Studio album by Lola Índigo
- Released: 17 May 2019
- Recorded: February 2018 – 2019
- Genre: Pop;
- Length: 30:36
- Language: Spanish
- Label: Universal Music Spain

Lola Índigo chronology
|  | Akelarre (2019) | La Niña (2021) |

Singles from Akelarre
- "Ya No Quiero Ná" Released: 20 July 2018; "Mujer Bruja" Released: 21 December 2018; "Maldición" Released: 26 April 2019;

= Akelarre (Lola Índigo album) =

Akelarre is the debut album by Spanish singer and dancer Lola Índigo. The album was released on 17 May 2019 through Universal Music in its subdivision in Spain. Akelarre contains musical collaborations with Mala Rodríguez and Nabález between others. Graphic design was made by Luis Valverde and photography by Victoria Gómez.
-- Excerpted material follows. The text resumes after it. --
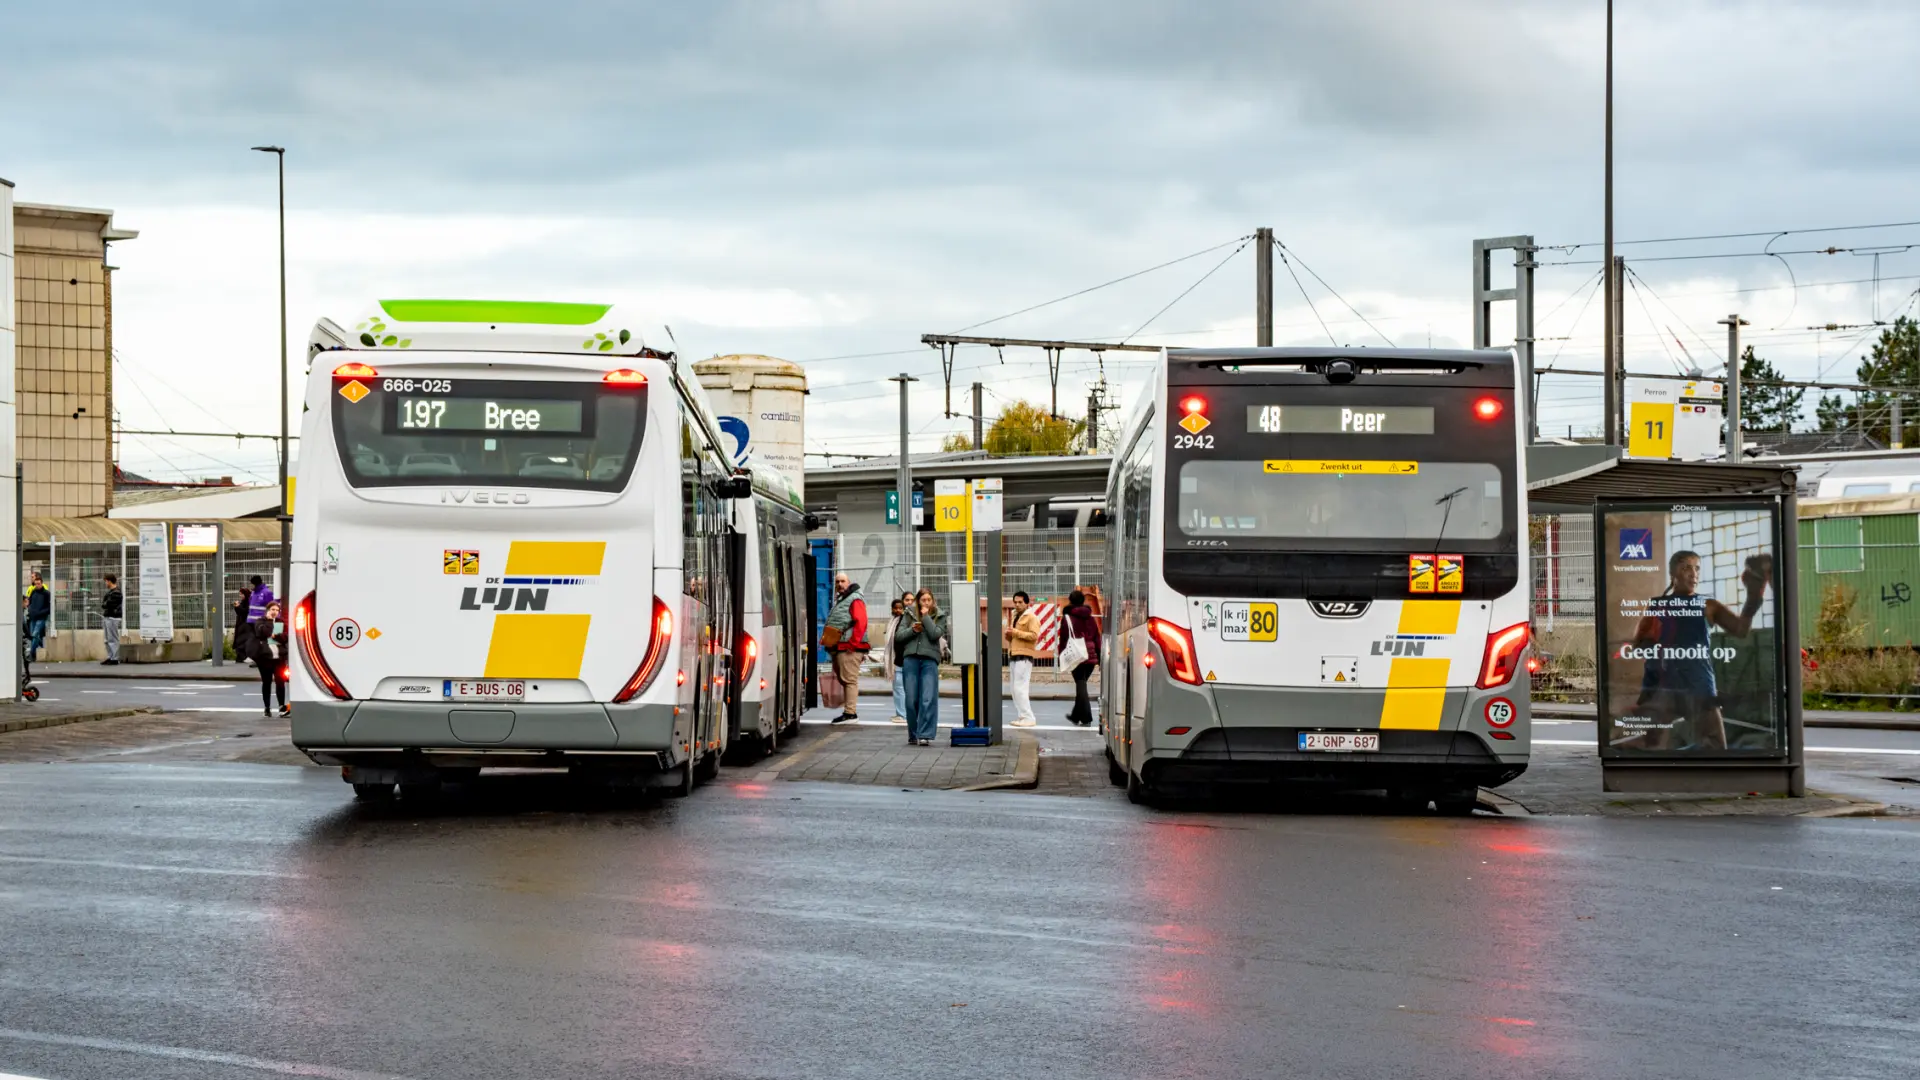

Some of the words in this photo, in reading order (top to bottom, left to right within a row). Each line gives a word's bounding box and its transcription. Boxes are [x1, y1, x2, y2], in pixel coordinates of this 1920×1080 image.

The album was produced by Yera, J Blunt, Bruno Valverde and Red Mojo among others.

== Background ==
After the ninth season of the television program Operación Triunfo in February 2018, the future of Indigo (at that time known as Mimi) was uncertain as she did believe she would have the same career prospects as prior contestants of the series. In June 2018 she announced her artistic name change to Lola Indigo. On 20 July 2018, the singer's first single, "Ya No Quiero Ná", was released to digital platforms, debuting at number three on the Spanish singles chart. After being named "the best single from an ex-contestant of Operación Triunfo 2017", Universal Music Spain expanded her recording contract in order to release a studio album for 2019.

After the artist's second single, "Mujer Bruja" was released in December 2018, in collaboration with the Spanish rapper Mala Rodríguez, the theme of witchcraft began to be widely used by the singer in her social media profiles. Indigo revealed the name of the album during her appearance on the singing program La Mejor Canción Jamás Cantada on 15 March 2019. There she said that it would be released in spring, most likely at the end of the month of April. On 30 April, the singer announced the cover, tracklist and release date of her first album on her social networks.

== Promotion ==

=== Singles ===
Indigo announced the release of her first single on 2 July 2018, eighteen days before its release on music platforms. Praised by critics and the public, "Ya No Quiero Ná" was promoted by appearances at festivals such as the Coca-Cola Music Experience as well as on television programs Operación Triunfo and Viva la Vida. The song debuted in third place on the Spanish sales list, this being its highest position.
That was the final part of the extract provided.